▸ **ACTION ITEM**: Each entry below is to be transcribed exactly.

[PROVIDED ENTRIES]

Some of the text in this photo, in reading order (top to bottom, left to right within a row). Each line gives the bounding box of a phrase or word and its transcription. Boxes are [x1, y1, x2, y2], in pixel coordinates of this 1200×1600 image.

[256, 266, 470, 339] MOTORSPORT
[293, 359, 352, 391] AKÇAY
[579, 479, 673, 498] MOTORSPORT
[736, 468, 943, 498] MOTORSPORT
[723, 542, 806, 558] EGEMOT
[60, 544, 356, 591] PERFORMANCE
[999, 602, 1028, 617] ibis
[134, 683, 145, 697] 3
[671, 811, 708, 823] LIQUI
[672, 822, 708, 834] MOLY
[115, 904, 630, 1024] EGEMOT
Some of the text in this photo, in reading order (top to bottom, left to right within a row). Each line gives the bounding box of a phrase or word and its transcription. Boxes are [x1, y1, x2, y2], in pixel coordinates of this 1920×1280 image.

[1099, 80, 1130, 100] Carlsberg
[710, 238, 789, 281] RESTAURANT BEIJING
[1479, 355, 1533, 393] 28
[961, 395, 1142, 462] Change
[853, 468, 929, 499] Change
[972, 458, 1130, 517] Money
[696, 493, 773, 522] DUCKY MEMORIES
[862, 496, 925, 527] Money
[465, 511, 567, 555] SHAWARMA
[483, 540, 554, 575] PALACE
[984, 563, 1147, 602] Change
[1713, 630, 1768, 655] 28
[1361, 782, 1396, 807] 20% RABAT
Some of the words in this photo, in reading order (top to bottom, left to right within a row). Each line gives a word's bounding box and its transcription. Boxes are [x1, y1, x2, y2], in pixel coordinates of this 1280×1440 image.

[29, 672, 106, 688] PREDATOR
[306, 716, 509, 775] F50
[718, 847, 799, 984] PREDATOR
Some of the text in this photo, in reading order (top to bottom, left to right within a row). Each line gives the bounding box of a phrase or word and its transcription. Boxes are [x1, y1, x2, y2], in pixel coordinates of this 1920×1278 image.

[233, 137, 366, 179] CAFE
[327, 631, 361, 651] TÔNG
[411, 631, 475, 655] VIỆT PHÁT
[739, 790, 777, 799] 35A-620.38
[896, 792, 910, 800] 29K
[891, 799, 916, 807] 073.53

[/PROVIDED ENTRIES]

▸ **SOLUTION**:
Some of the text in this photo, in reading order (top to bottom, left to right within a row). Each line gives the bounding box of a phrase or word and its transcription. Boxes are [x1, y1, x2, y2], in pixel coordinates of this 1200×1600 image.

[256, 266, 470, 339] MOTORSPORT
[293, 359, 352, 391] AKÇAY
[579, 479, 673, 498] MOTORSPORT
[736, 468, 943, 498] MOTORSPORT
[723, 542, 806, 558] EGEMOT
[60, 544, 356, 591] PERFORMANCE
[999, 602, 1028, 617] ibis
[134, 683, 145, 697] 3
[671, 811, 708, 823] LIQUI
[672, 822, 708, 834] MOLY
[115, 904, 630, 1024] EGEMOT
Some of the text in this photo, in reading order (top to bottom, left to right within a row). Each line gives the bounding box of a phrase or word and its transcription. Boxes are [x1, y1, x2, y2], in pixel coordinates of this 1920×1280 image.

[1099, 80, 1130, 100] Carlsberg
[710, 238, 789, 281] RESTAURANT BEIJING
[1479, 355, 1533, 393] 28
[961, 395, 1142, 462] Change
[853, 468, 929, 499] Change
[972, 458, 1130, 517] Money
[696, 493, 773, 522] DUCKY MEMORIES
[862, 496, 925, 527] Money
[465, 511, 567, 555] SHAWARMA
[483, 540, 554, 575] PALACE
[984, 563, 1147, 602] Change
[1713, 630, 1768, 655] 28
[1361, 782, 1396, 807] 20% RABAT
Some of the words in this photo, in reading order (top to bottom, left to right within a row). Each line gives a word's bounding box and its transcription. Boxes are [x1, y1, x2, y2], in pixel coordinates of this 1280×1440 image.

[29, 672, 106, 688] PREDATOR
[306, 716, 509, 775] F50
[718, 847, 799, 984] PREDATOR
Some of the text in this photo, in reading order (top to bottom, left to right within a row). Each line gives the bounding box of a phrase or word and its transcription. Boxes are [x1, y1, x2, y2], in pixel coordinates of this 1920×1278 image.

[233, 137, 366, 179] CAFE
[327, 631, 361, 651] TÔNG
[411, 631, 475, 655] VIỆT PHÁT
[739, 790, 777, 799] 35A-620.38
[896, 792, 910, 800] 29K
[891, 799, 916, 807] 073.53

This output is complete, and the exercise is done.